Artificial Intelligence
 

 

Artificial Intelligence

By Peter Gransee     11/25/06 PM

For the past 50 years or so, people have been saying that strong AI is coming soon. But it hasn’t yet. The problem is likely more complicated than we originally thought. However, we understand more about it each day and we will eventually be able to develop strong AI. 

 

Strong AI equal to about 95% human complexity may take 30-50 years. 100% or more will take much longer.

 

Complexity can be measured by various means including the size of the undeveloped construct when an ideal compression algorithm (DNA?) is applied. Another way of measuring complexity is the number of functions it can produce in a standard enviroment.

 

“Undeveloped” meaning not having been exposed as an uncompressed construct to the world around us. This precludes the years of experience that an adult has acquired.

 

It would be difficult and risky for the machine to become more complex than humans. Building a system that could evolve (in the popular sense of evolution) would likely lead to that system's demise due to noise. However, even with these limits there is a lot of room for useful machines.

 

There are multiple paths to produce AI. Two common methods are neural networks and expert systems.

 

Neural networks are more adaptable than expert systems but require more complexity. Expert systems are more affordable for applications that don’t require a high amount of adaptability.

 

1/10/2008

"A bird is an instrument working according to a mathematical law," wrote Da Vinci. "It lies within the power of man to make this instrument with all its motions."
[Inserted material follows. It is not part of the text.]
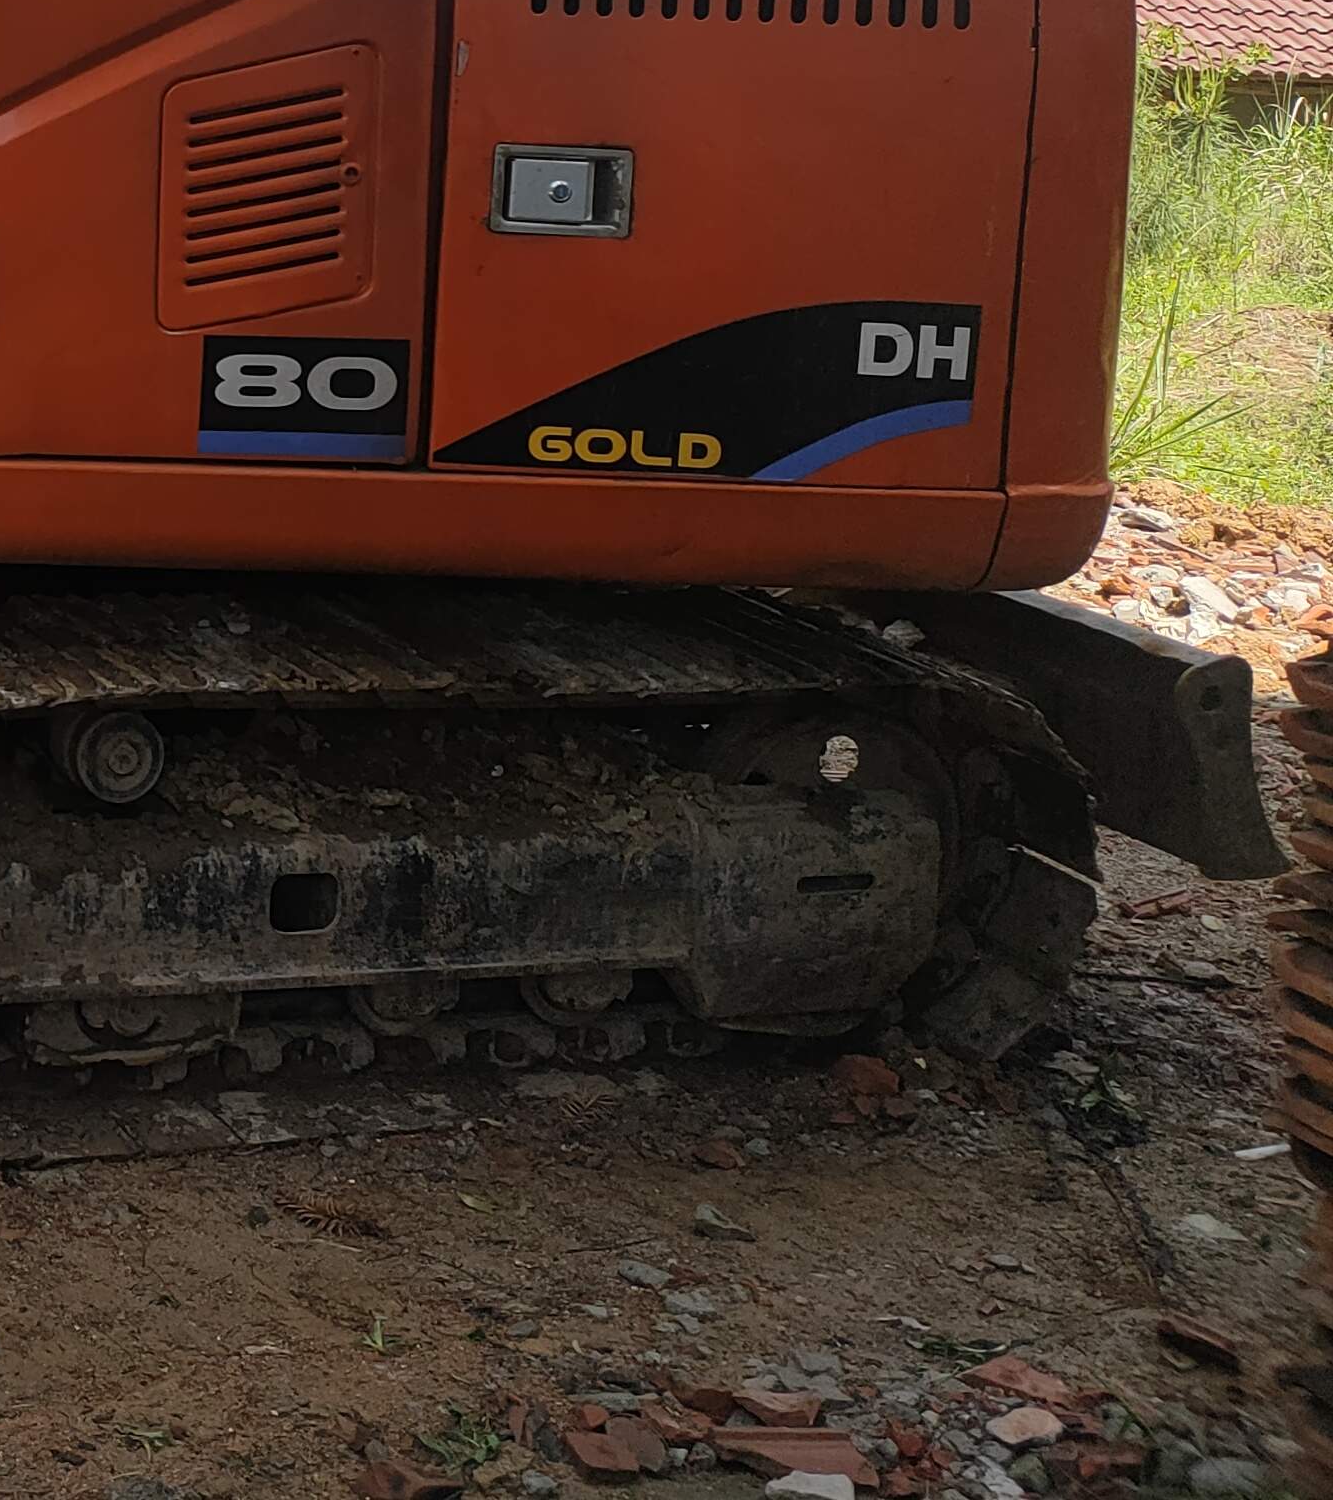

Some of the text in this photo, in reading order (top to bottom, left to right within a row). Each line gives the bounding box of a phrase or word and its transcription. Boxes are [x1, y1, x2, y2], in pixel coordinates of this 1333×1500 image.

[856, 321, 972, 381] DH
[213, 353, 399, 411] 80
[527, 425, 722, 469] GOLD
"If the human mind was simple enough to understand, we would be too simple to understand it. " - Emerson Pugh

Of course, there is something to be said for teamwork and "pretty darn close". In fact, artificial products often lack the complexity of that thing it emulates but nevertheless in somes cases exceed the capabilities of the original in some narrow but very useful way.

--

The 95/5 rule as applies to cognitive computing

This "rule" estimates that 95% of the applications require 5% of the complexity and visa versa. Essentially, there appears to be a steeply rising curve of complexity as you add more applications. Not all it lost however. This curve does open the door for expert systems. Using a "black box" approach, you can simulate most of the in/out relationships using a much less complex system of rules. It should be said though, that even this, "simple rule set" is quite mind boggling.  IE, coming up with this 5% of artificial complexity will take say 1000% of a given individual's natural complexity. But then when completed, you can hit the "copy" button.

Such an expert system can be described as basically a set of rules that defines the link between a particular input and desired output. Of course, these systems don't do that well by themselves. They are packaged with supporting systems that manage context (pattern recognition, etc), manage the link system, etc.

For example context: A simple input like, "no", is a lever that activates a larger set of automated inputs. This is context. The combined input then is sent to the database. But most of the really interesting inputs always seem to not have a direct reference. So a commonly used function is one that correctly scores the best link. Scoring can be done in multiple passes where a confident score can make a neighboring score more firm (or really mess things up).

But to score a link is to, as some level, also understand the input. So there are layers...

Because of the size of the link database there is some value in automating the creation of some links and compressing similiar links. However, the tempation to go after low hanging fruit is often met by the ouch of being smacked by the unavoidable complexity of the system.

Want more? Offer me a job. :)

4/3/2008

Another teaser... Finding shortcuts to populating an Expert System database is a NP Complete type problem. You can either produce a "Chinese Room" map of all the links (might take awhile) or come up with a bunch of rules that can be used to calculate the link in a series of steps. The irony is that the rules might take longer to develop than the map.

Taking an example from Evolution, if the rules are fairly low in complexity compared to the map, then they probably can't produce the map.

 5/28/08

Developing on that thought...

I was looking at Tic tac toe (noughts and crosses) back in 2004 while learning about the Minimax theorum. There are many versions of TTT on the internet and many of the authors claim their version is unbeatable. However, many of these "unbeatable" game engines can be beat. In my search however, I did find the excellent work of Jesper Juul. He calculated all 255,168 possible games for 9 square tic tac toe. He then built an engine that recognized the current game and selected the track(s) that didn't end in a loss. The db of possible games is about 50 megabytes in size and it takes an average desktop a few seconds to churn through 50 megs and calculate a move. For my uses, this engine provided a ready example of the proper method for each type of game (a "fitness test"). I then distilled the first 2 moves into a simple set of rules and then used another set of rules for moves beyond the second move. The result was a messy but simple perl program less than 13k in size (no seperate db required) that produces an identical unbeatable result using significantly less space and processor cycles. This perl program can be downloaded here (2.4k zip). Give it a try and see if you can win.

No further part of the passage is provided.